Ira terkejut mendengar penuturan Lanang. "Kamu bisa ngendarain mobilnya Lanang, Rin? Sangar betul. Belajar di mana?"

"Dulu belajar pakai mobilnya ibu panti, Ma. Terus sedikit-sedikit cari tahu ke Mbak Frisanti juga, sisanya ngandelin feeling, hehe."

"Ngga Lanang izinin lagi sih Ma. Aku kapok, setirannya halus banget, bikin pusing," celetuk Lanang bermaksud menyindir. Mengingat sepanjang perjalanan tadi yang harusnya bisa istirahat, malah mengarahkan Rindu arah jalannya. Gadis itu tidak bisa membaca map, belum lagi sulit membedakan kiri dan kanan. Ditambah setiran yang tidak halus sampai membuat Lanang terus memperingati Rindu. Alhasil pria itu jadi bekerja ekstra hingga kepalanya berdenyut sakit.

Tawa Ira menggema. "Eh, jangan gitu. Kamu ajari Rindu dong sampai bisa. Keren loh perempuan mau belajar mobil." Dua tangan Rindu kemudian digenggam lembut oleh Ira. "Kamu ke sini buat minta restu kan? Tenang saja, sudah Mama restuin dari kemarin."

Pintu utama seketika terbuka. Menyembul masuk sosok pria paruh baya seumuran Ira lengkap dengan atasan baju batik abu dan celana kain hitam. Bunyi langkah tegas terbalut sepatu kulit itu menjadi perhatian Rindu, Lanang, dan juga Ira. Mereka menoleh berbarengan.

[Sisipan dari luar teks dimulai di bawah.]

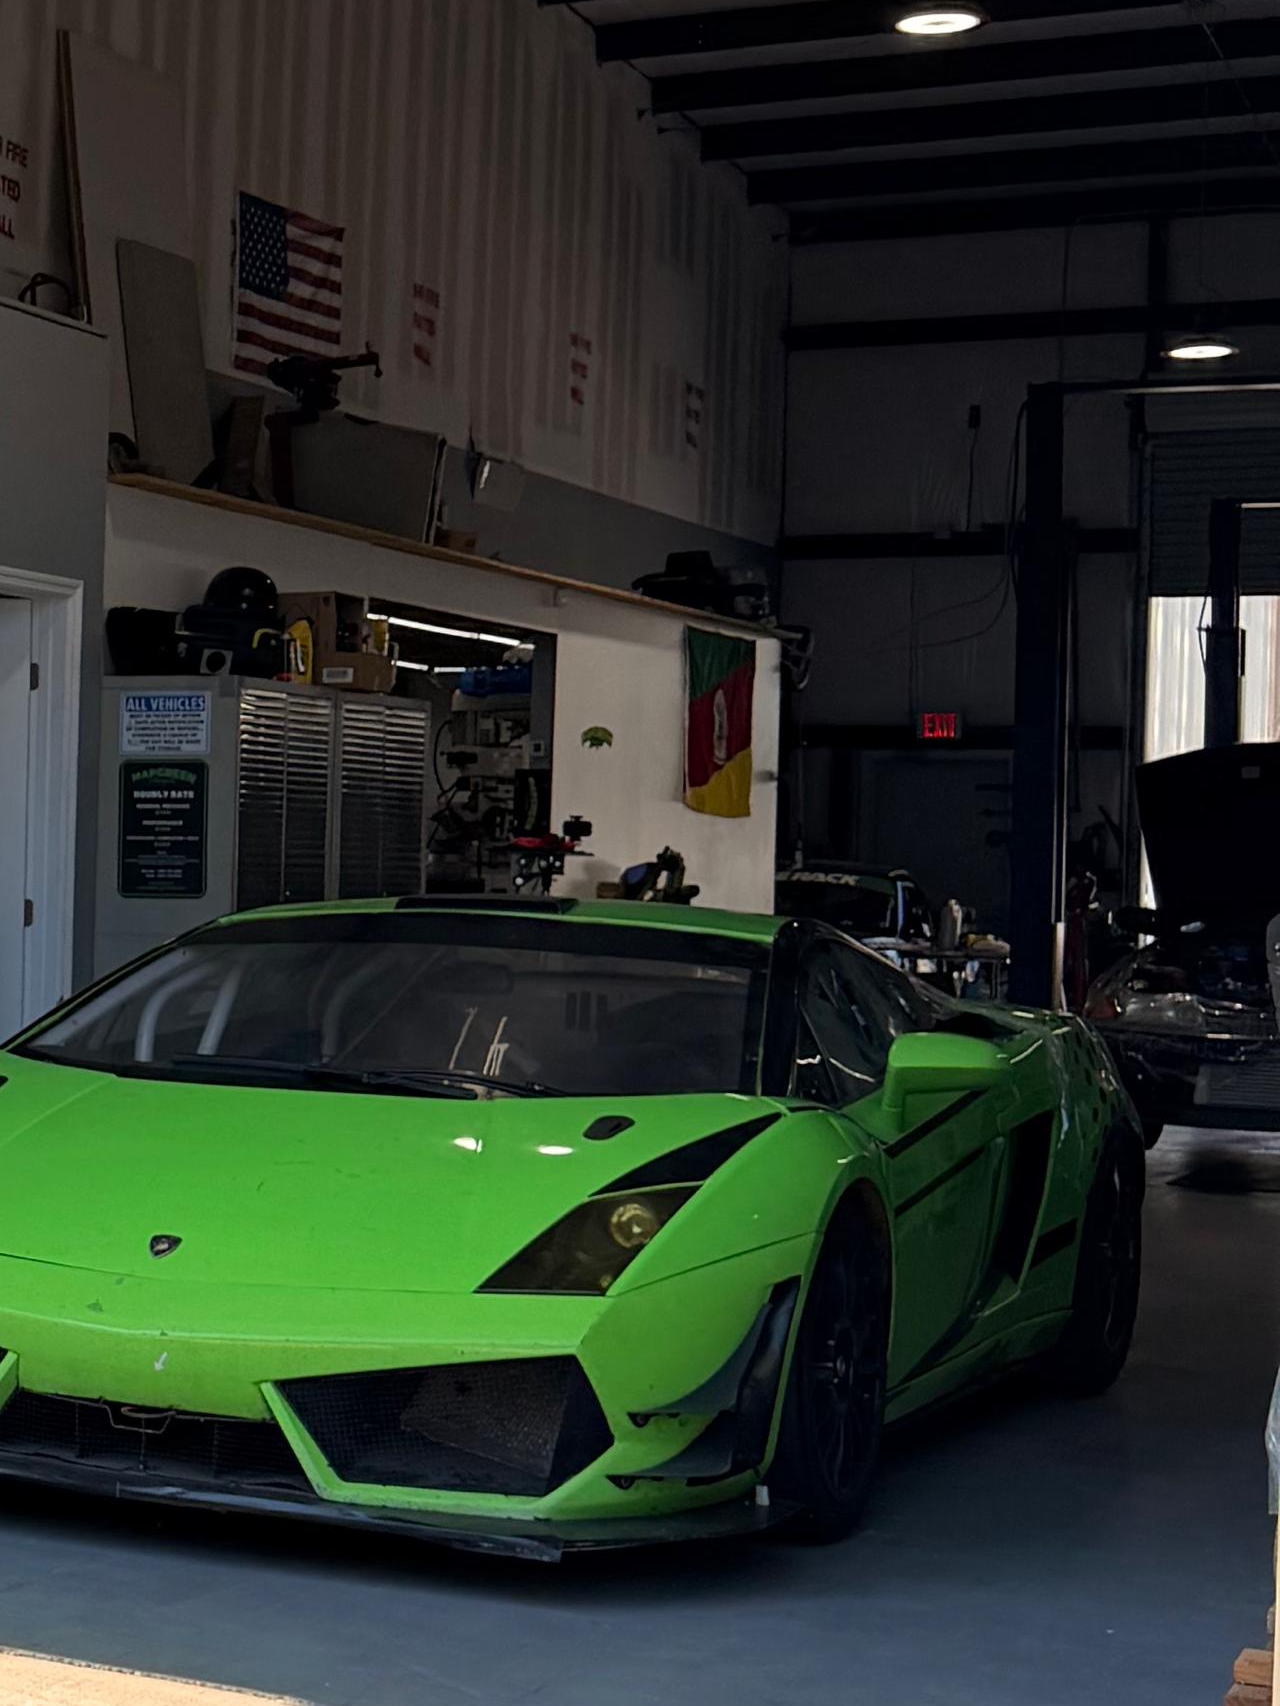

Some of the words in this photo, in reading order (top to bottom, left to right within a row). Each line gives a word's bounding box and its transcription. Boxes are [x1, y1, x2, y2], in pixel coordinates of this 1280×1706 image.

"Kamu sudah pulang, sayang?" Ira segera beranjak menghampiri suaminya-Gala Lakeswara. Pria paruh baya itu perlahan menghentikan langkah tanpa membalas kalimat Ira, fokusnya menatap tajam Rindu dan Lanang secara bergantian.

Berbanding kebalik dengan sang istri, Gala terkesan dingin dan angkuh. Tidak ada senyuman yang terukir pada wajah. Iris hitamnya terlihat persis seperti Lanang, wajah mereka pun hampir serupa, bagai pinang dibelah dua. Hanya berbeda di bagian rambut yang tersisir rapi ke belakang, helainya hampir keseluruhan putih, juga keriput yang tampak jelas.

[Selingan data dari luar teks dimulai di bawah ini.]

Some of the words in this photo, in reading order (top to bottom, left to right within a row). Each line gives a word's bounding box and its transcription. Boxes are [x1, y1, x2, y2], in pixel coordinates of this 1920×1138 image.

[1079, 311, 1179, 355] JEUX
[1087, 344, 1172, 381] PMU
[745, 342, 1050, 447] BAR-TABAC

Rindu pun sontak berdiri untuk beri sambutan, menghadirkan senyum sopan pada rupa. "Selamat malam, Om. Saya-"

"Apa yang kamu lakukan di sini?" Gala menghujam Lanang dengan kalimat tegas nan menusuk. Jauh dari balasan hangat, tidak ada basa-basi. Bahkan kalimat Rindu hanya dianggap seperti kicauan burung yang lewat.

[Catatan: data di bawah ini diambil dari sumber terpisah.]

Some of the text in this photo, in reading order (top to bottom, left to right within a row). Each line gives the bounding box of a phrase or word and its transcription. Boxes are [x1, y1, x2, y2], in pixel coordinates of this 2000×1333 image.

Lanang baru saja ikut berdiri seraya memegang tangan Rindu. Hangat genggaman itu memberikan sinyal agar tidak melanjutkan kalimat. "Ma, Lanang pulang dulu ya."

"Saya lagi bicara sama kamu, Lanang!" Bentakan keras Gala memenuhi ruang tengah yang mulanya tenang. Amarah terlukis jelas pada rupa, wajahnya langsung merah padam sebab merasa terabaikan.